ENTRIES SHOWN section start
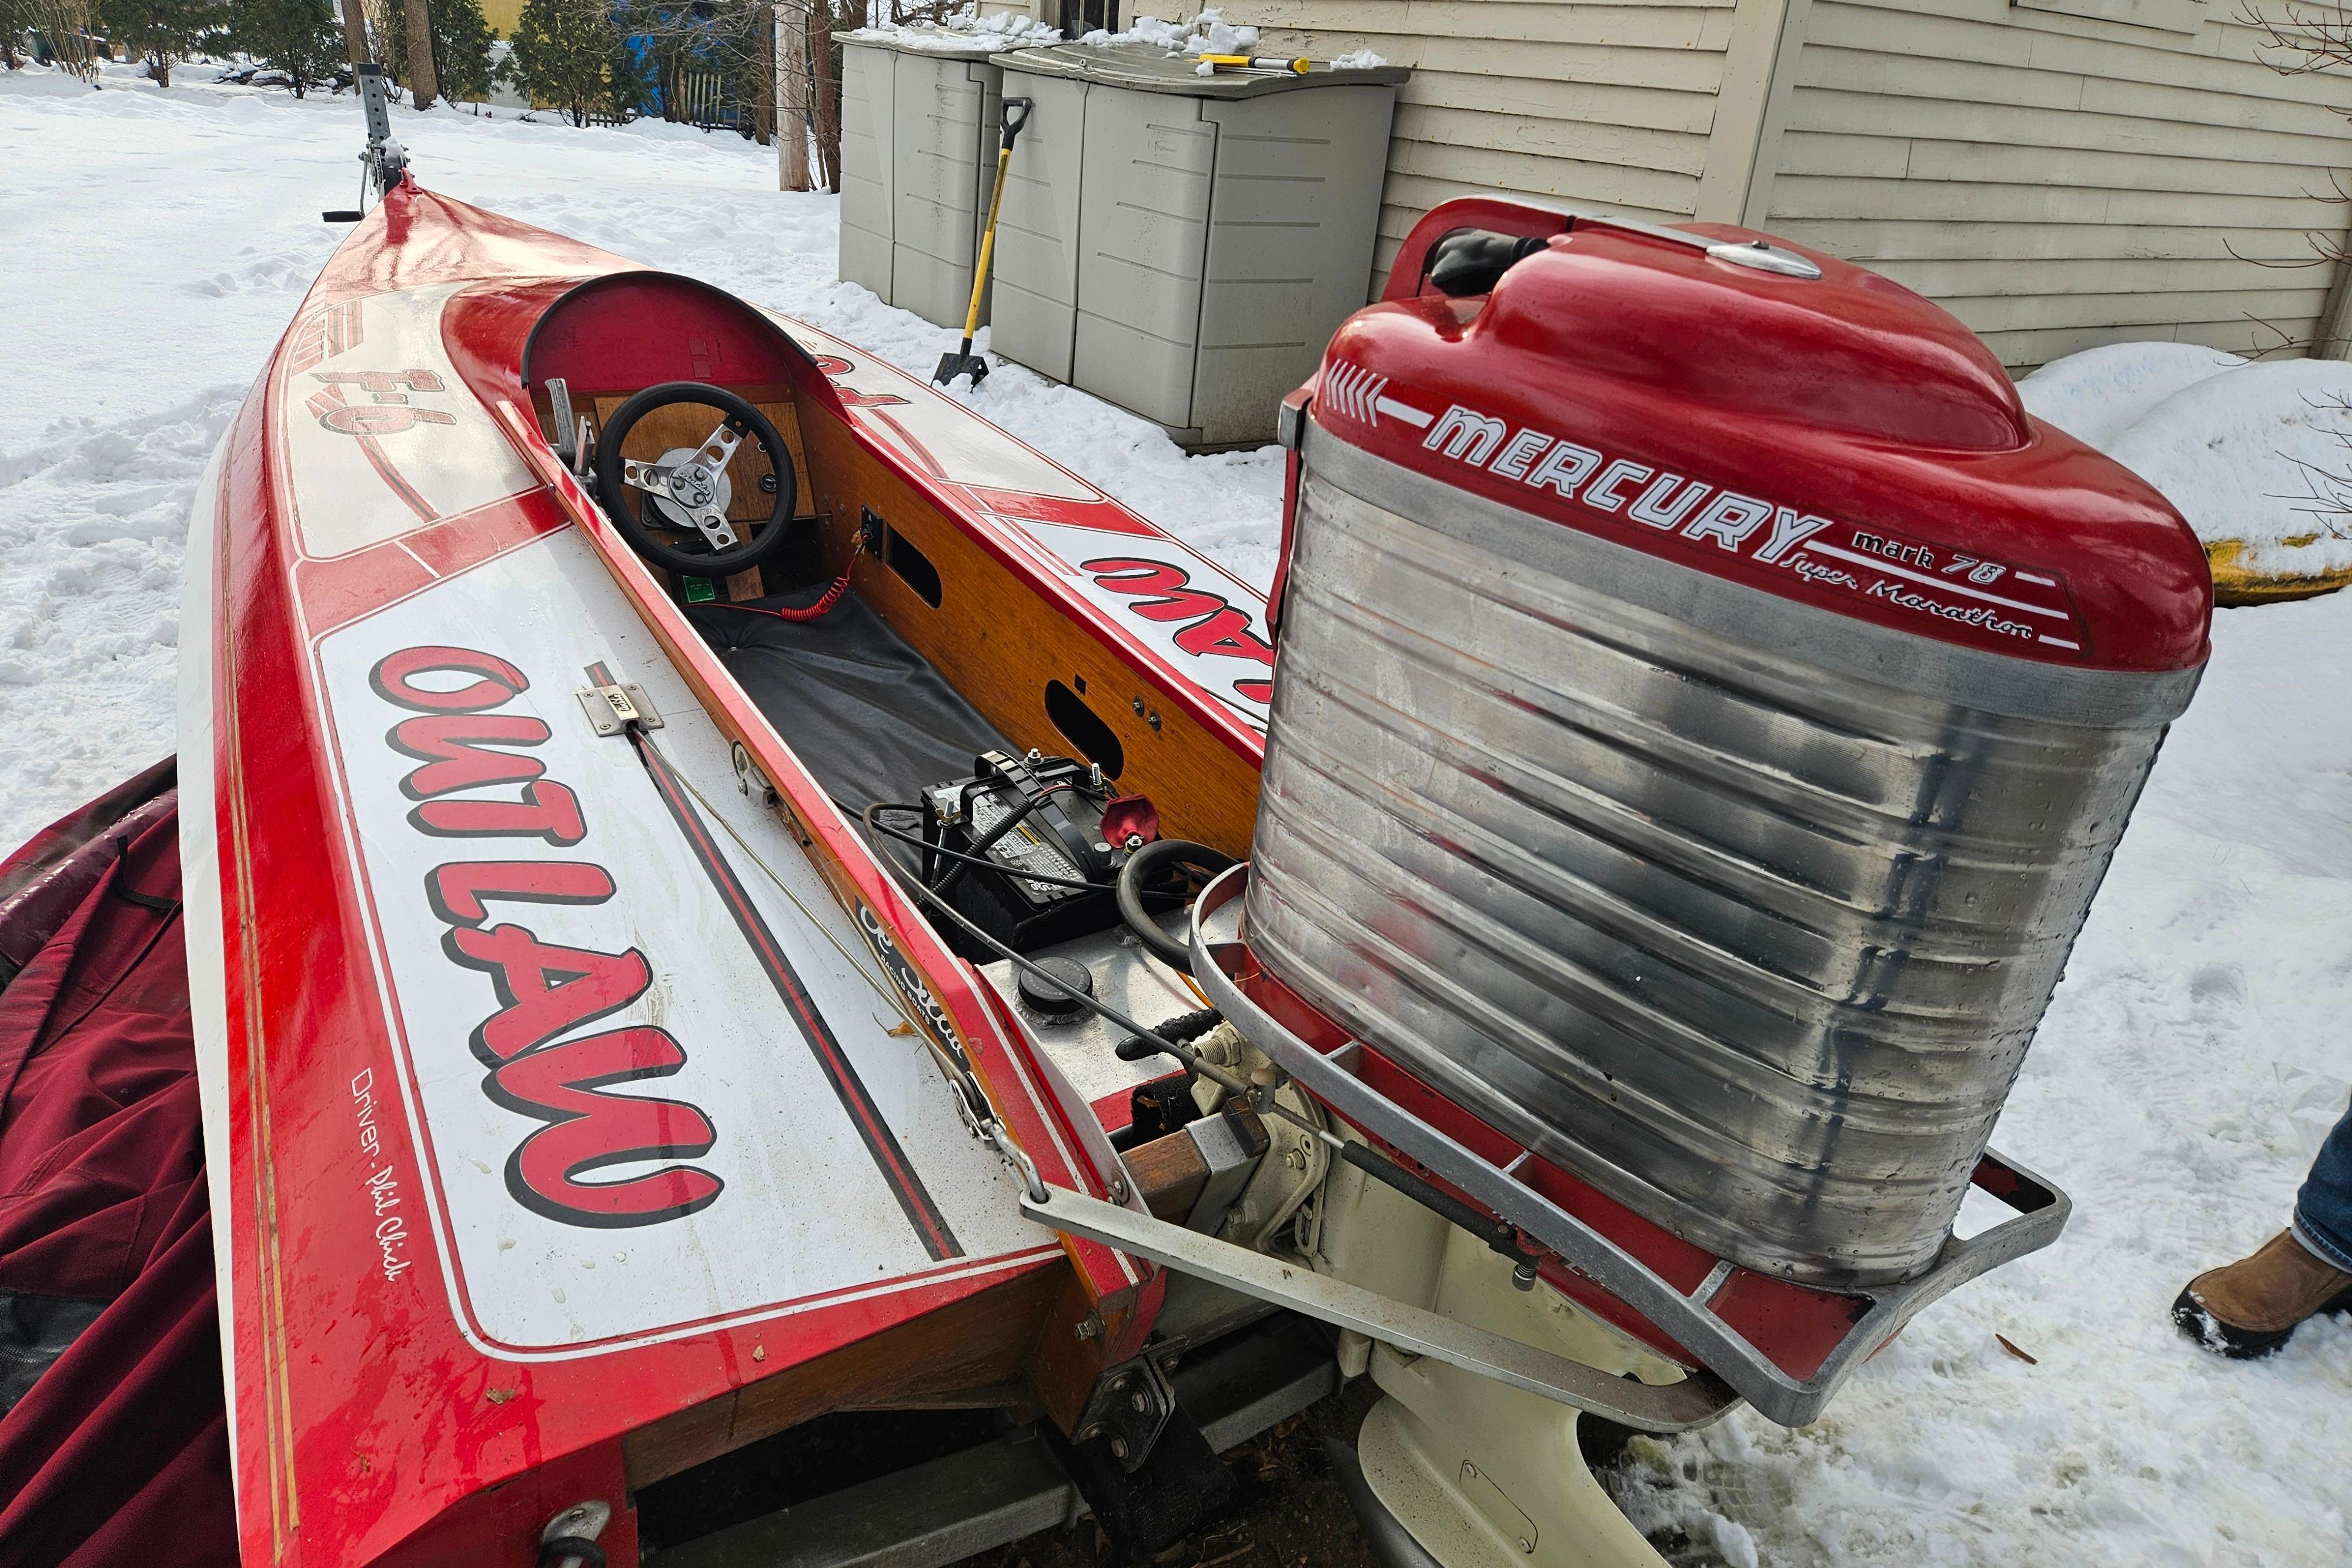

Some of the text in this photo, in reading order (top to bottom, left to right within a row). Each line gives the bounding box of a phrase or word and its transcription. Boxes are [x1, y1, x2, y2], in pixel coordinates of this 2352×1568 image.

[1422, 404, 1833, 564] MERCURY
[1779, 552, 2032, 640] Super Marathon
[1852, 531, 2006, 585] mark 78
[369, 646, 724, 1229] OUTLAW
[881, 954, 930, 1025] RACING BOATS
[351, 1066, 380, 1160] Driver
ENTRIES SHOWN section end
TASK INSTRUCTIONS -
Everything in the entries above except the pictures should be given again exactly.

THE ANSWER -
Some of the text in this photo, in reading order (top to bottom, left to right within a row). Each line gives the bounding box of a phrase or word and its transcription. Boxes are [x1, y1, x2, y2], in pixel coordinates of this 2352×1568 image.

[1422, 404, 1833, 564] MERCURY
[1779, 552, 2032, 640] Super Marathon
[1852, 531, 2006, 585] mark 78
[369, 646, 724, 1229] OUTLAW
[881, 954, 930, 1025] RACING BOATS
[351, 1066, 380, 1160] Driver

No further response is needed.